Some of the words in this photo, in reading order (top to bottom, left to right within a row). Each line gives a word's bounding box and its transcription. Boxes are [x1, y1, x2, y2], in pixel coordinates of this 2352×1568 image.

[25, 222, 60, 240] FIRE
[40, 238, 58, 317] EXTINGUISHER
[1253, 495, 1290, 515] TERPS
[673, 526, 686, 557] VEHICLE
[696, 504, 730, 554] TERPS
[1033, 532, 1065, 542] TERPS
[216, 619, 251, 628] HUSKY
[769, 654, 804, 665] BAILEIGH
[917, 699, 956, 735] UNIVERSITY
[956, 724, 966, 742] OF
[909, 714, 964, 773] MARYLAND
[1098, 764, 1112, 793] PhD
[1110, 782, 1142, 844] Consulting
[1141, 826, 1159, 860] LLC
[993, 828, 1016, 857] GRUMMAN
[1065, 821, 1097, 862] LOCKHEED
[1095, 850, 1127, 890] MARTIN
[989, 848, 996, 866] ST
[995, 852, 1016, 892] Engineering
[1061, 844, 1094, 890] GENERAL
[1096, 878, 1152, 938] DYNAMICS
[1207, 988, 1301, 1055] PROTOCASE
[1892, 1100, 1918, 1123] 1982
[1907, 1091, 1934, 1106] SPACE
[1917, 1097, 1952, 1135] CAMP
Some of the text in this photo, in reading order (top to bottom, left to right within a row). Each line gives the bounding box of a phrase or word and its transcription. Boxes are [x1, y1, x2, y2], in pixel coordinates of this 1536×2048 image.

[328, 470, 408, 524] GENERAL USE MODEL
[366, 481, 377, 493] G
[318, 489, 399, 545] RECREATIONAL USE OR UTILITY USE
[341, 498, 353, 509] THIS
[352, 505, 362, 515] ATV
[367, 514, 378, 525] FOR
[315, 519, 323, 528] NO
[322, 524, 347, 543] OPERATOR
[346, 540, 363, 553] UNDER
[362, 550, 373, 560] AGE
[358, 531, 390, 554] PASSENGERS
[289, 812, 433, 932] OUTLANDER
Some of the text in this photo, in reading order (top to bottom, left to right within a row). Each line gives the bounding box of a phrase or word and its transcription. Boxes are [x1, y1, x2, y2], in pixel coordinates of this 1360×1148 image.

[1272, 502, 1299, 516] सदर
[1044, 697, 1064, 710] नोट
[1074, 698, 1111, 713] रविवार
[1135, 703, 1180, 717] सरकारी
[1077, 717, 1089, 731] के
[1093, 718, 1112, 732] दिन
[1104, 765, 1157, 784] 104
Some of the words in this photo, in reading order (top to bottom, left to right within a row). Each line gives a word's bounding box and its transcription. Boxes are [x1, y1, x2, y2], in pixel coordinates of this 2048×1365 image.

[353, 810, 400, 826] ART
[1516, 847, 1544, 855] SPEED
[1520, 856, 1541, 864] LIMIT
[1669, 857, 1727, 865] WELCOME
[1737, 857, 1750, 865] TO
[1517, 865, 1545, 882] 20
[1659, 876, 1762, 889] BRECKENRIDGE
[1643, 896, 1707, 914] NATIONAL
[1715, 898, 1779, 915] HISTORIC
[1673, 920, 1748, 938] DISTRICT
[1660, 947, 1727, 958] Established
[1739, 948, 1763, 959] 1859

::::

**Action item:**
All lines from the one with "this 2048×1365 image." through the end of the data must be repeated exactly, and nothing else may be repeated.

**Answer to the problem:**
Some of the words in this photo, in reading order (top to bottom, left to right within a row). Each line gives a word's bounding box and its transcription. Boxes are [x1, y1, x2, y2], in pixel coordinates of this 2048×1365 image.

[353, 810, 400, 826] ART
[1516, 847, 1544, 855] SPEED
[1520, 856, 1541, 864] LIMIT
[1669, 857, 1727, 865] WELCOME
[1737, 857, 1750, 865] TO
[1517, 865, 1545, 882] 20
[1659, 876, 1762, 889] BRECKENRIDGE
[1643, 896, 1707, 914] NATIONAL
[1715, 898, 1779, 915] HISTORIC
[1673, 920, 1748, 938] DISTRICT
[1660, 947, 1727, 958] Established
[1739, 948, 1763, 959] 1859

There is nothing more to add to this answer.